Table 2 Circulating cfDNA In Hepatocellular Carcinoma

Future directions

Profiling the molecular changes in tumors is important for guiding appropriate targeted therapy. In addition to the guidance of molecular targeted treatment, ctDNA detection could potentially help to monitor treatment response as the mutational status in plasma has been demonstrated to reflect the tumor burden in patients and to be correlated with the clinical status of patients [100]. In subsequent studies in HCC, research strategies for ctDNA analysis can be divided into two categories. First, cancer-associated changes including point mutations/indels, DNA methylation or chromosomal aberrations, can be identified by the analysis of tumor tissues, followed by the identification and quantification of corresponding tumor-specific changes in the plasma. This strategy may provide powerful data for subsequent targeted therapies in HCC patients. Second, ctDNA detection in plasma can be used for direct screening of cancer-associated changes, and for screening or surveillance of HCC. Simultaneously, changes in ctDNA can also provide a basis for the timing of transarterial chemoembolization (TACE) in patients with HCC.

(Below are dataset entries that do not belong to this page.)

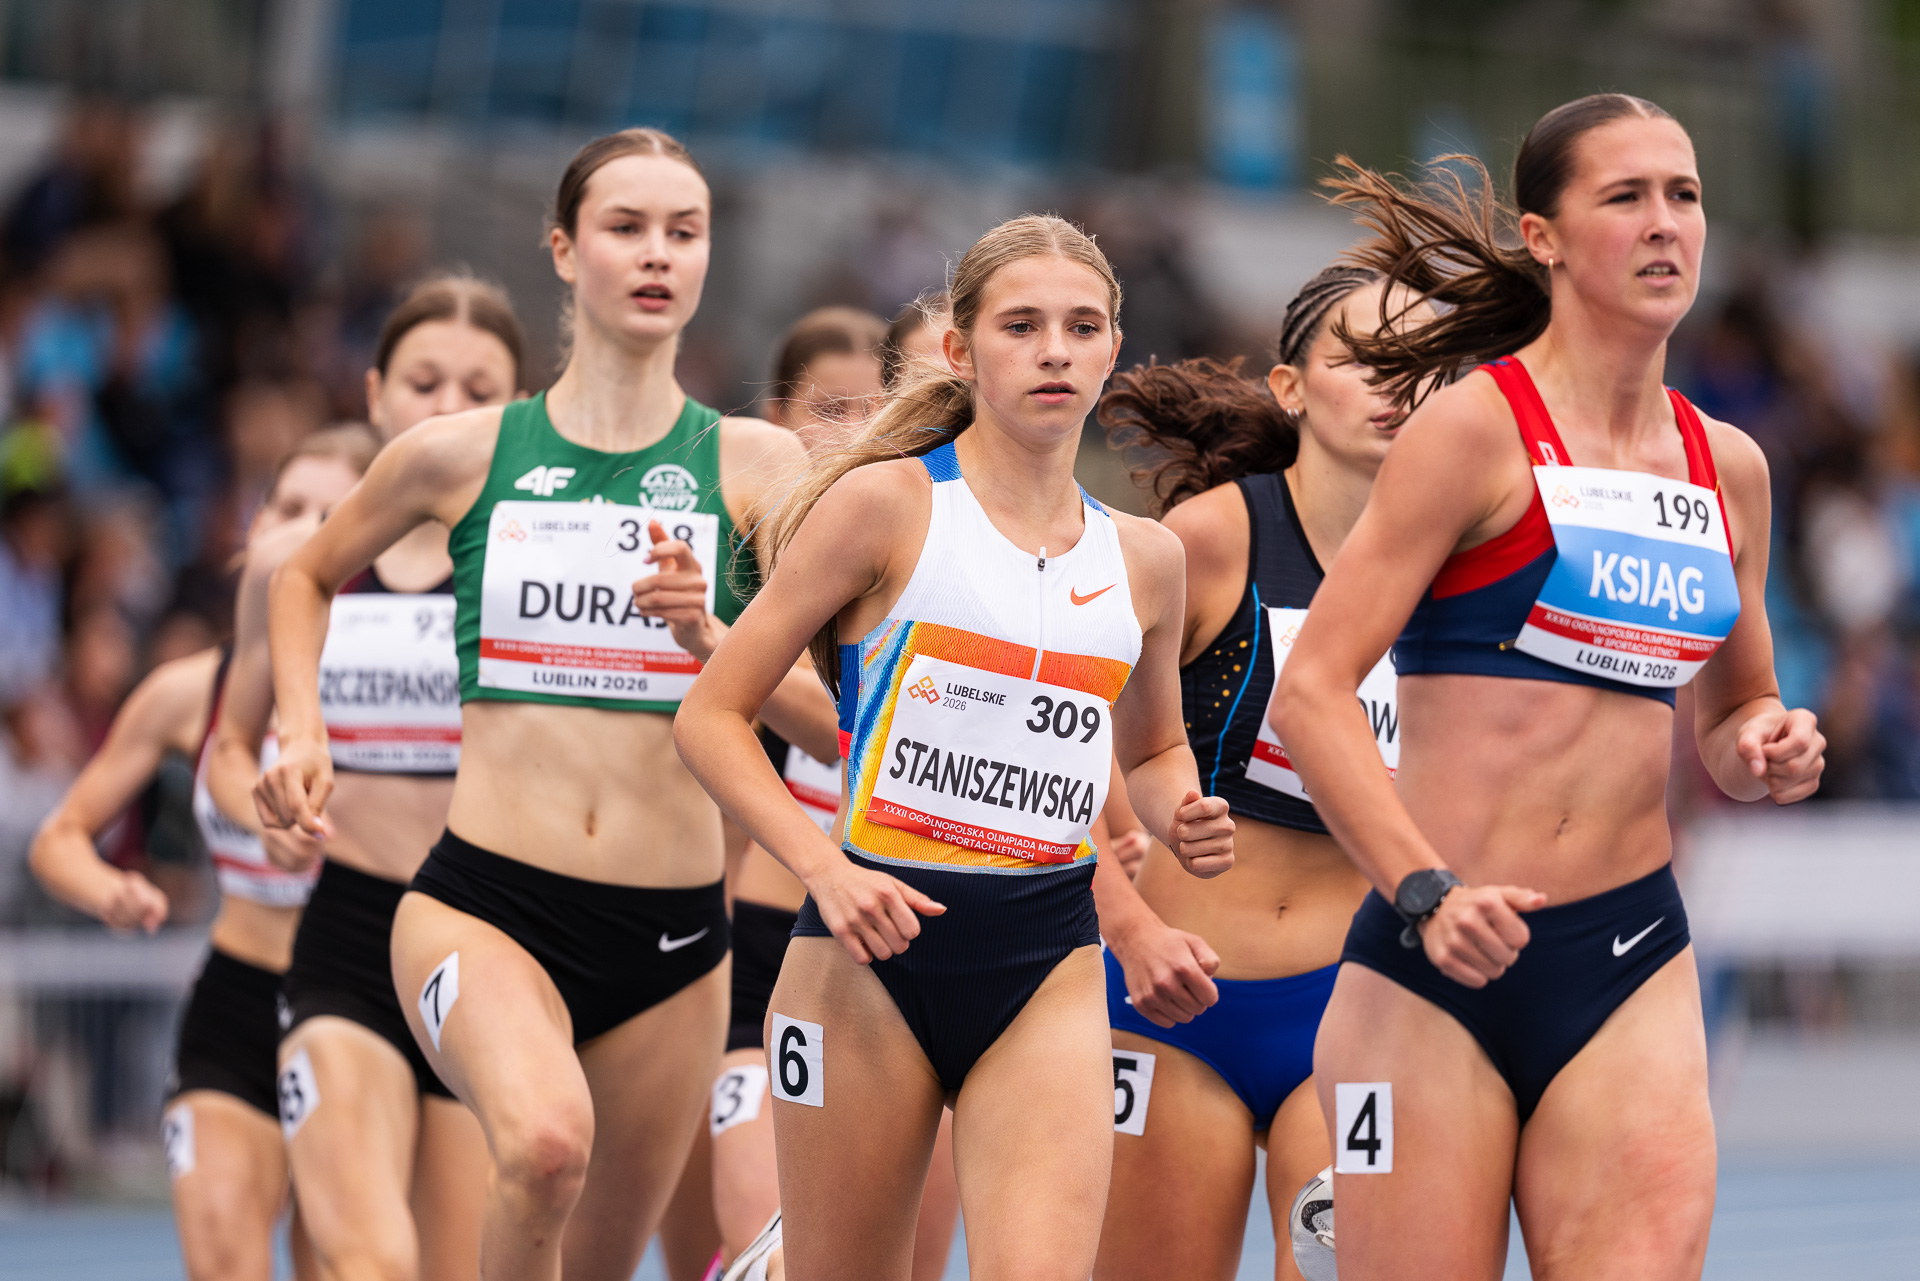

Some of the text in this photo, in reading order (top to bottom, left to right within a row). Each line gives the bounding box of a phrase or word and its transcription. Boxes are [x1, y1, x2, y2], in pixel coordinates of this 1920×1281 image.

[515, 465, 576, 496] 4F
[1580, 486, 1633, 502] LUBELSKIE
[532, 520, 591, 533] LUBELSKIE
[1653, 491, 1710, 534] 199
[618, 519, 694, 552] 38
[1588, 550, 1706, 622] KSIĄG
[1571, 619, 1640, 641] OGÓLNOPOLSKA
[1641, 633, 1681, 648] OLIMPIADA
[1593, 635, 1681, 658] W SPORTACH LETNICH
[533, 670, 649, 692] LUBLIN 2026
[1576, 649, 1678, 681] LUBLIN 2026
[942, 696, 967, 711] 2026
[945, 682, 1007, 706] LUBELSKIE
[1025, 694, 1101, 744] 309
[889, 737, 1096, 825] STANISZEWSKA
[882, 803, 1073, 856] XXXII OGÓLNOPOLSKA OLIMPIADA MŁODZIEŻY
[932, 829, 1036, 861] W SPORTACH LETNICH
[424, 967, 445, 1028] 7
[778, 1025, 809, 1097] 6
[717, 1074, 745, 1124] 3
[1112, 1056, 1138, 1125] 5
[1347, 1091, 1382, 1166] 4

The tyrosine kinase inhibitor (TKI) sorafenib has been the standard systemic treatment option in patients with locally advanced HCC for several years. In resent years, many trials have been performed to investigate the use of other TKIs in first- or second- line treatment; however, only regorafenib, cabozantinib and lenvatinib showed sufficient efficacy and reached their primary end points in their respective phase 3 trials [101]. Immunotherapy has also finally entered the stage for the treatment of HCC [102]. Nevertheless, the prediction of response to immunotherapy or TKIs has not been reliable in HCC. Tumor mutational burden may be a potential predictor for response to these treatment. In addition, the quantification of mutations in HCC using ctDNA has been shown to be a very good predictor for response to immunotherapy and TKIs. Thus, there is an urgent need to evaluate and develop the use of ctDNA to check if it can be a good tool to assess responses to immunotherapy or TKI.

Conclusion

The main advantage of liquid biopsy analysis is the unique potential of CTCs and ctDNA to be conveniently obtained through minimally invasive methods at multiple time points over the course of disease. Further research on the molecular characterization of ctDNA and CTCs will provide a better understanding of the development of resistance to sorafenib or TACE and help establish more personalized treatment plans with lower cost and fewer side effects for HCC patients. These data may have a profound impact on the use of this particular strategy for patients and may play a role in the selection of patients receiving treatment. Liquid biopsy has made it possible to screen for HCC in the early stages and has shown promise in the areas of tumor diagnostics, treatment and monitoring. Additionally, the benefits of liquid biopsy make it a promising tool for monitoring the development of tumors, with extremely high clinical application value and market prospect.

Because of the differences in experimental design and detection methods for CTCs and ctDNA accross studies, the experimental data are very diverse and unreliable. The standardization of detection methods and the precision of detecting biomarkers are key factors for the application of CTCs and ctDNA. With the accumulation liquid biopsy data, along with the biology and complexity of HCC, the presence of only a few indicators for the distinction between tumors and non-tumor patterns will lead to a shift to research models based on big data and artificial intelligence. Therefore, mutations at multiple loci, detection panels involving multiple methylation patterns and multiple immune biomarkers using CTC and ctDNA will be used for therapeutic monitoring, prognostic evaluation and risk assessment in HCC.

Core tips

Hepatocellular carcinoma is a leading cause of cancer death worldwide. As CTCs and ctDNA in HCC patients harbor the molecular characteristics of HCC cells, liquid biopsy analysis in blood may be sufficient for providing convenient, noninvasive and accurate information for HCC diagnosis, treatment and prognostic evaluations. In this review, we will summarize and discuss current research progress and challenges in the application of liquid biopsy in HCC.